→ Task: Every line of the data should be written out exactly, with the pictures left out.

---------- Material for the task

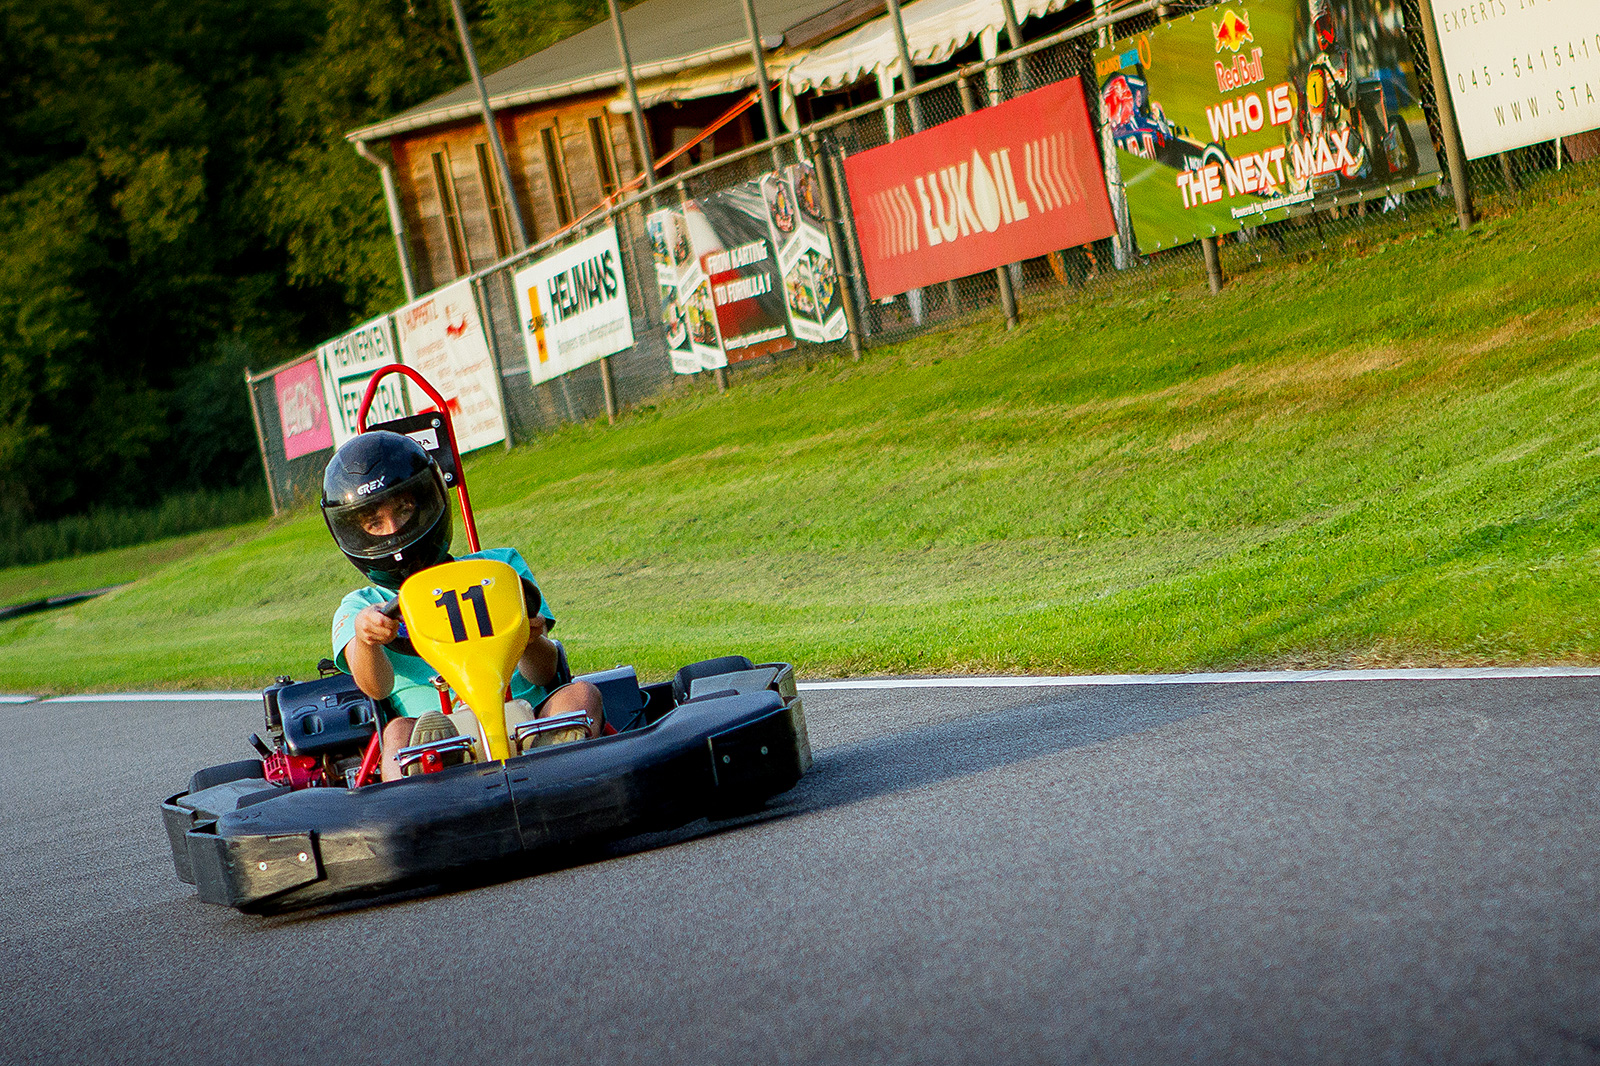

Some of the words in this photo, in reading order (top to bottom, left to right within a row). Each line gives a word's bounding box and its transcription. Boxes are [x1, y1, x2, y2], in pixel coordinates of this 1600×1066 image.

[1443, 0, 1506, 33] EXPERTS
[1214, 58, 1242, 93] Red
[1239, 47, 1265, 84] Bull
[1206, 91, 1264, 143] WHO
[1267, 82, 1294, 127] IS
[1494, 80, 1600, 126] WWW.STA
[1177, 163, 1223, 209] THE
[1224, 145, 1286, 198] NEXT
[1293, 128, 1355, 184] MAX
[915, 148, 1030, 247] LUKOIL
[547, 249, 618, 325] HEIJMANS
[714, 284, 727, 307] TO
[357, 475, 386, 495] GREX
[435, 585, 494, 643] 11
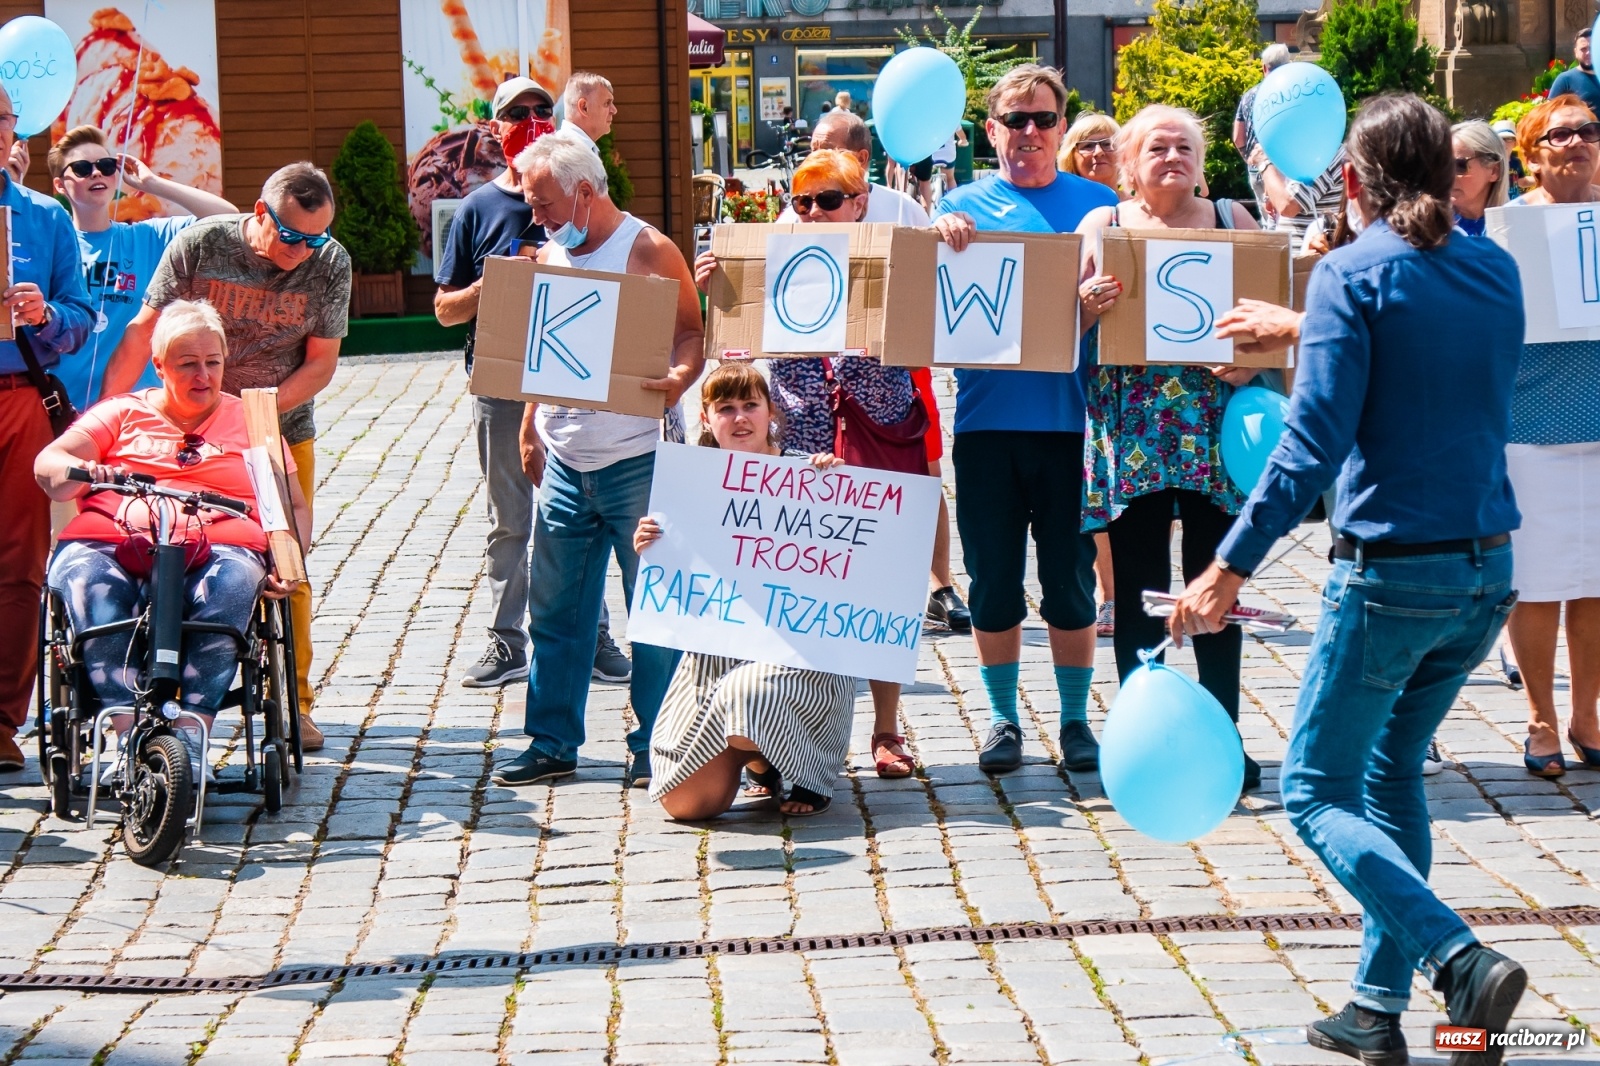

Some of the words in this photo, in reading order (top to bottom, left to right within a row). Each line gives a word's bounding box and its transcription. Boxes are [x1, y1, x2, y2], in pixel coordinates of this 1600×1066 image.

[0, 51, 58, 80] DOŚĆ
[207, 279, 309, 326] DIVERSE
[773, 245, 844, 335] O
[937, 256, 1018, 337] W
[1152, 251, 1215, 344] S
[528, 282, 602, 381] K
[721, 453, 903, 516] LEKARSTWEM
[721, 498, 763, 531] NA
[773, 504, 879, 546] NASZE
[640, 565, 746, 625] RAFAŁ
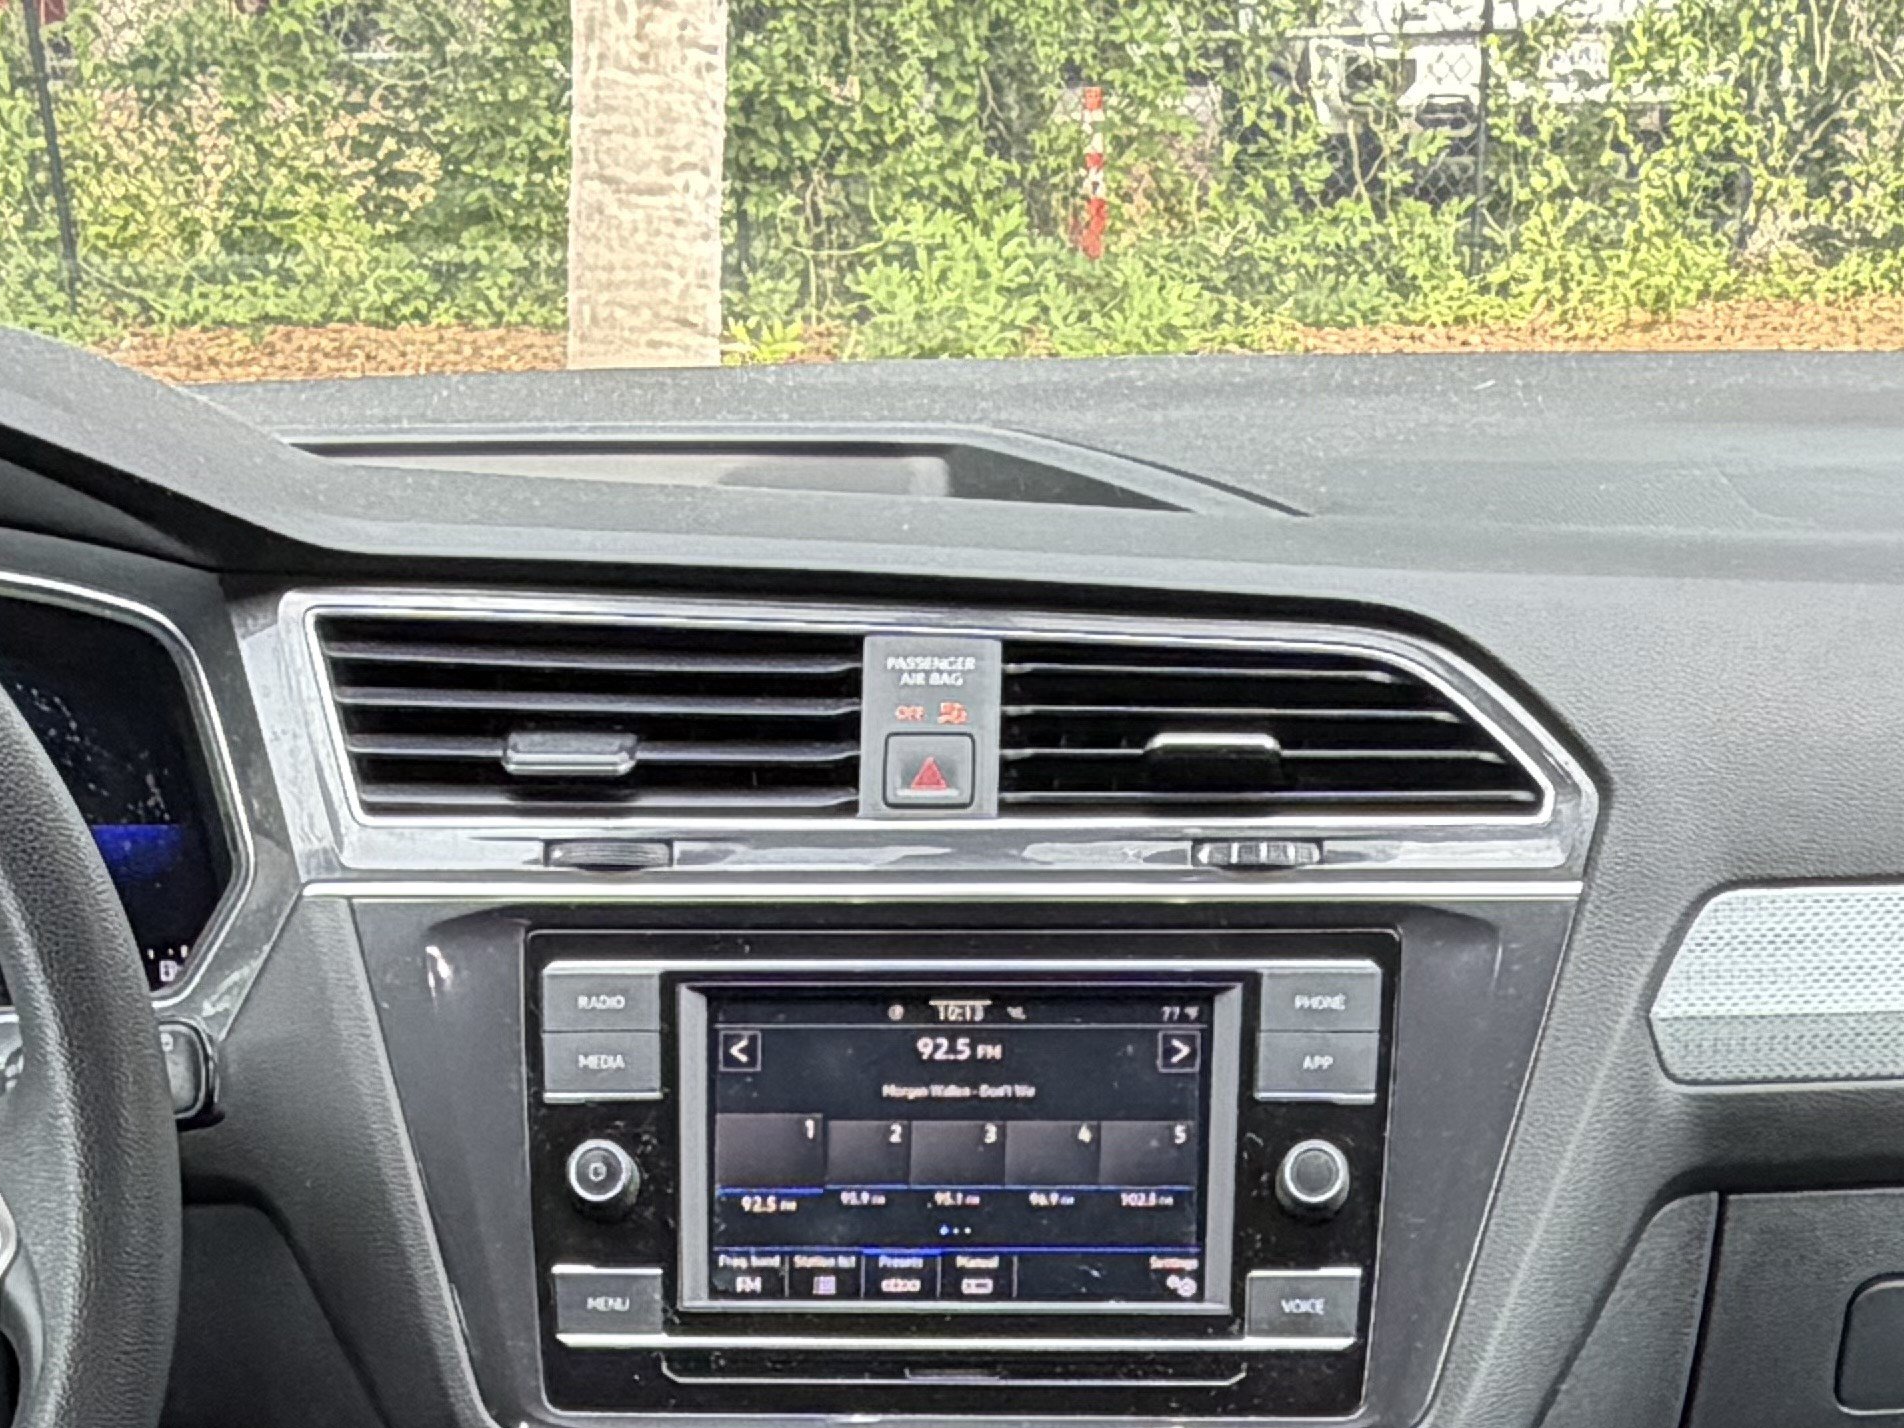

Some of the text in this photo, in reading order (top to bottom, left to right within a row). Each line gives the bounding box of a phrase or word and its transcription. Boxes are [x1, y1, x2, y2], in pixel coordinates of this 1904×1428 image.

--------------------

→ Written response:
Some of the words in this photo, in reading order (top to bottom, left to right within a row). Each line gives a word's bounding box and its transcription. Boxes are [x1, y1, x2, y2], in pixel coordinates of this 1600×1066 image.

[1443, 0, 1506, 33] EXPERTS
[1214, 58, 1242, 93] Red
[1239, 47, 1265, 84] Bull
[1206, 91, 1264, 143] WHO
[1267, 82, 1294, 127] IS
[1494, 80, 1600, 126] WWW.STA
[1177, 163, 1223, 209] THE
[1224, 145, 1286, 198] NEXT
[1293, 128, 1355, 184] MAX
[915, 148, 1030, 247] LUKOIL
[547, 249, 618, 325] HEIJMANS
[714, 284, 727, 307] TO
[357, 475, 386, 495] GREX
[435, 585, 494, 643] 11

Some of the words in this photo, in reading order (top to bottom, left to right within a row). Each line gives a word's bounding box and its transcription. Boxes are [x1, y1, x2, y2], in pixel coordinates of this 1600×1066 image.

[0, 51, 58, 80] DOŚĆ
[207, 279, 309, 326] DIVERSE
[773, 245, 844, 335] O
[937, 256, 1018, 337] W
[1152, 251, 1215, 344] S
[528, 282, 602, 381] K
[721, 453, 903, 516] LEKARSTWEM
[721, 498, 763, 531] NA
[773, 504, 879, 546] NASZE
[640, 565, 746, 625] RAFAŁ

Some of the text in this photo, in reading order (top to bottom, left to right within a row). Each line gives the bounding box of a phrase or word and its transcription. Boxes are [x1, y1, x2, y2], in pixel coordinates of this 1904×1428 image.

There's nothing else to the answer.